Use the official agency route map, stop list or live tracker. If you are already at a stop, look for the posted stop ID or stop code and enter it into the agency’s arrival tool when available.

⏱️ Does Bus 59 have a live tracker?

Many Route 59 buses have live tracking, but the tool depends on the agency. CTA uses Bus Tracker, NJ TRANSIT uses MyBus, VTA and Houston METRO provide route tools, and TfL provides official live timetable support for London service.

🗺️ Where can I see the Bus 59 route map?

Open the official transit agency route page for your city. Route maps differ completely between CTA, SEPTA, NJ TRANSIT, VTA, Houston METRO, TfL and other agencies.

📅 Are Bus 59 times the same on weekends?

Not always. Route 59 may have separate weekday, Saturday, Sunday and holiday schedules. Some agencies reduce weekend service, change frequencies or operate special holiday timetables.

⚠️ Why is Bus 59 not showing in the live tracker?

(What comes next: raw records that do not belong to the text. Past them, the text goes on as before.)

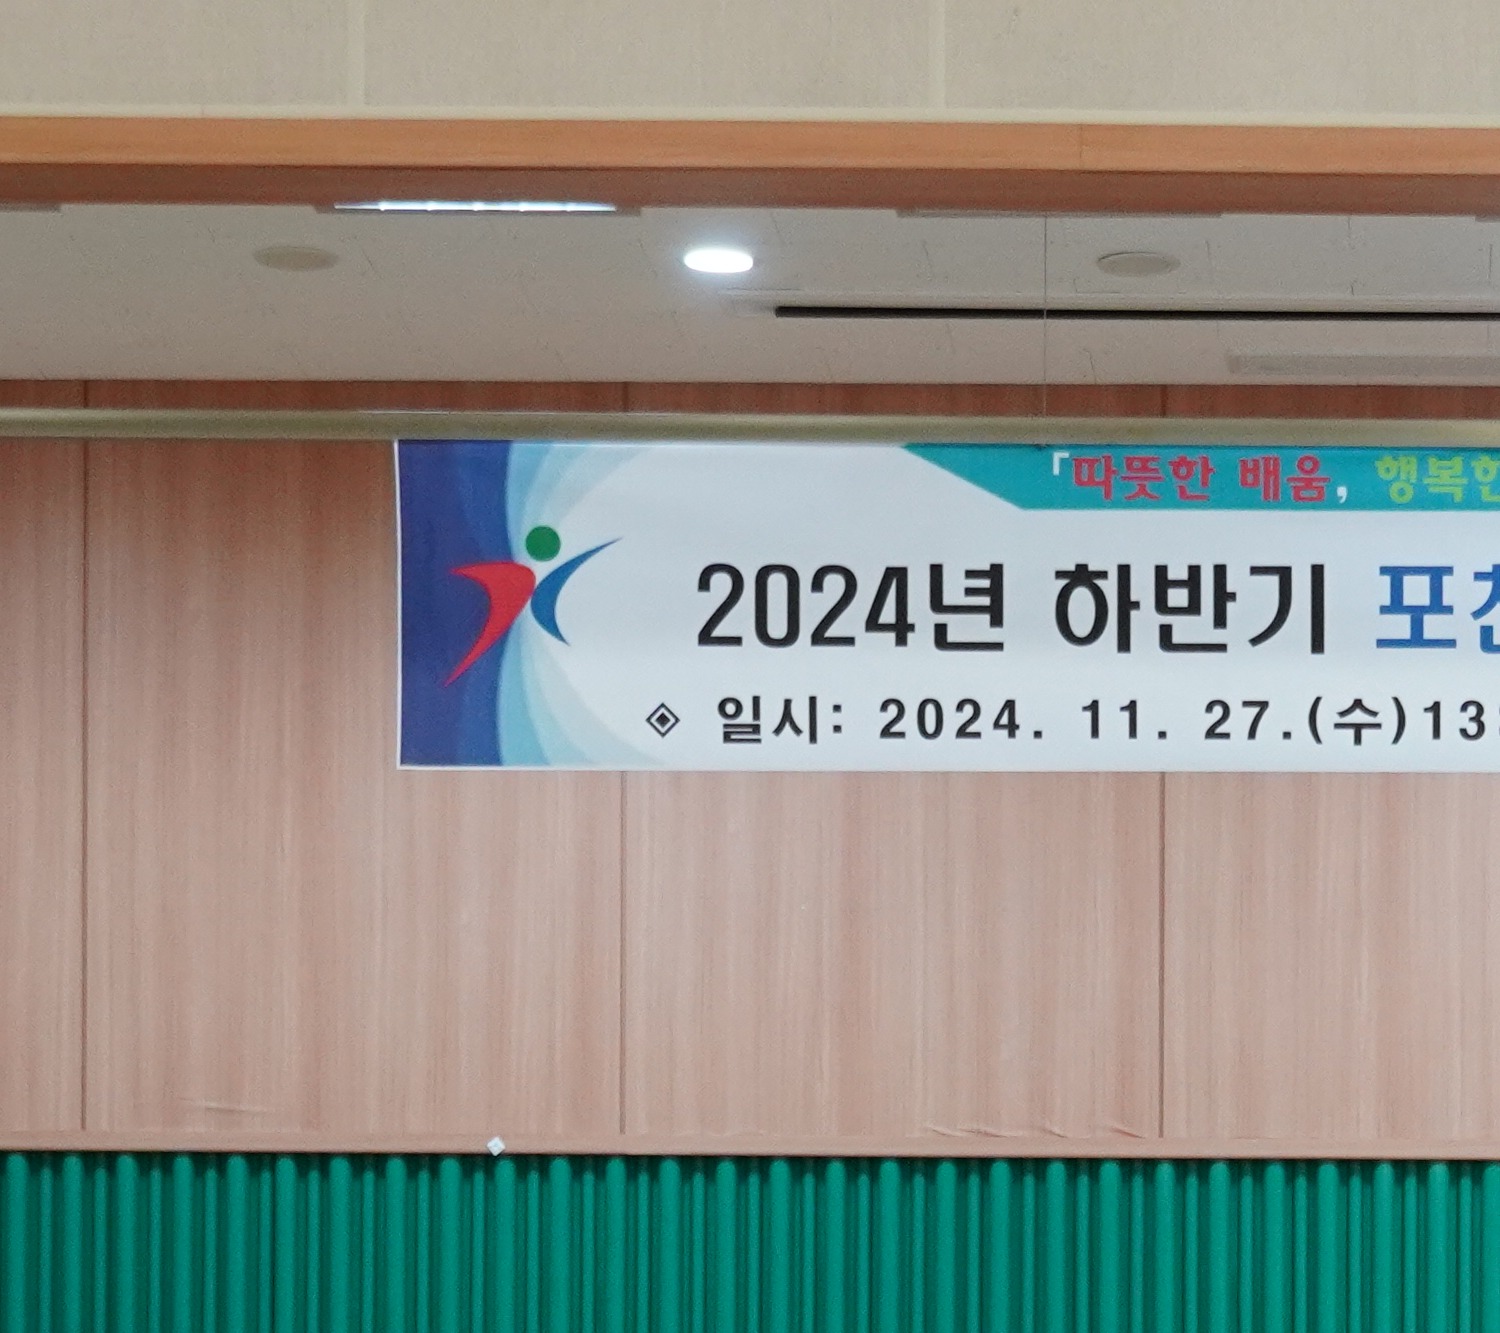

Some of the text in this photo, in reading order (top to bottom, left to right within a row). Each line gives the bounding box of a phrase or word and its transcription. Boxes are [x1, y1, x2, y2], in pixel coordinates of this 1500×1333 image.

[1236, 453, 1350, 506] 배움,
[696, 562, 1009, 654] 2024년
[1055, 562, 1329, 655] 하반기
[715, 696, 845, 745] 일시:
[879, 698, 1045, 742] 2024.
[1082, 698, 1166, 742] 11.

The route may not be running at that time, the stop may be wrong, the direction may be wrong, service may be detoured, or live GPS data may be temporarily unavailable. Check the agency alert page and the next scheduled trip.

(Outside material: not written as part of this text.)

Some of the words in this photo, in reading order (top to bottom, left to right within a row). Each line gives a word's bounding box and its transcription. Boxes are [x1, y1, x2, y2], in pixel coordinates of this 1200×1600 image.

💳 How much is the Bus 59 fare?

The fare depends on the agency. CTA, SEPTA, NJ TRANSIT, VTA, Houston METRO and TfL each have their own fare rules, passes and transfer systems. Check the official fare page before boarding.

🚏 Is Bus 59 the same in every city?

No. Bus 59 is a route number used by multiple transit agencies. The map, stops, times, live tracker, fare and alerts depend on the specific agency operating the route in your city.

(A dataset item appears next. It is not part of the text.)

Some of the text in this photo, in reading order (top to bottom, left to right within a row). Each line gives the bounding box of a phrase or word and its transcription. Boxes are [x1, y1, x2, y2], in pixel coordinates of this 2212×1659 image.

🧭 Why do I see different Bus 59 schedules online?

Different cities use the Route 59 number, and old PDFs or third-party copies can remain online. Check the agency name, city, route direction and effective date before using any timetable.

ℹ️ Is BusSchedules.org the official Bus 59 operator?

No. BusSchedules.org is an independent informational guide. Always verify exact schedules, maps, stops, fares, live tracking, alerts and accessibility details directly with the official transit agency.

Editorial note: This guide is for public information only and is not a transit agency, government office or bus operator. Route 59 schedules, stops, fares, live tracking, service alerts, route maps, accessibility details and holiday service can change. Always verify directly with the official agency before commuting, transferring, buying a pass or planning a time-sensitive trip.

Final Summary: Best Way to Use a 59 Bus Schedule

The best way to use a 59 bus schedule is to identify the correct transit agency first. Route 59 exists in many regions, and the wrong agency page can send you to a completely different map, stop list and timetable.

After you identify the operator, check the official route page, choose the correct direction, confirm the service day, find your exact stop and use the live tracker or service-alert page before leaving. This matters most for work, school, airport trips, medical appointments, transfers and late-night travel.

If a map app, PDF and live tracker disagree, trust the official agency route page and current alerts. Third-party tools are useful for discovery, but the agency controls the final schedule, fare and service information.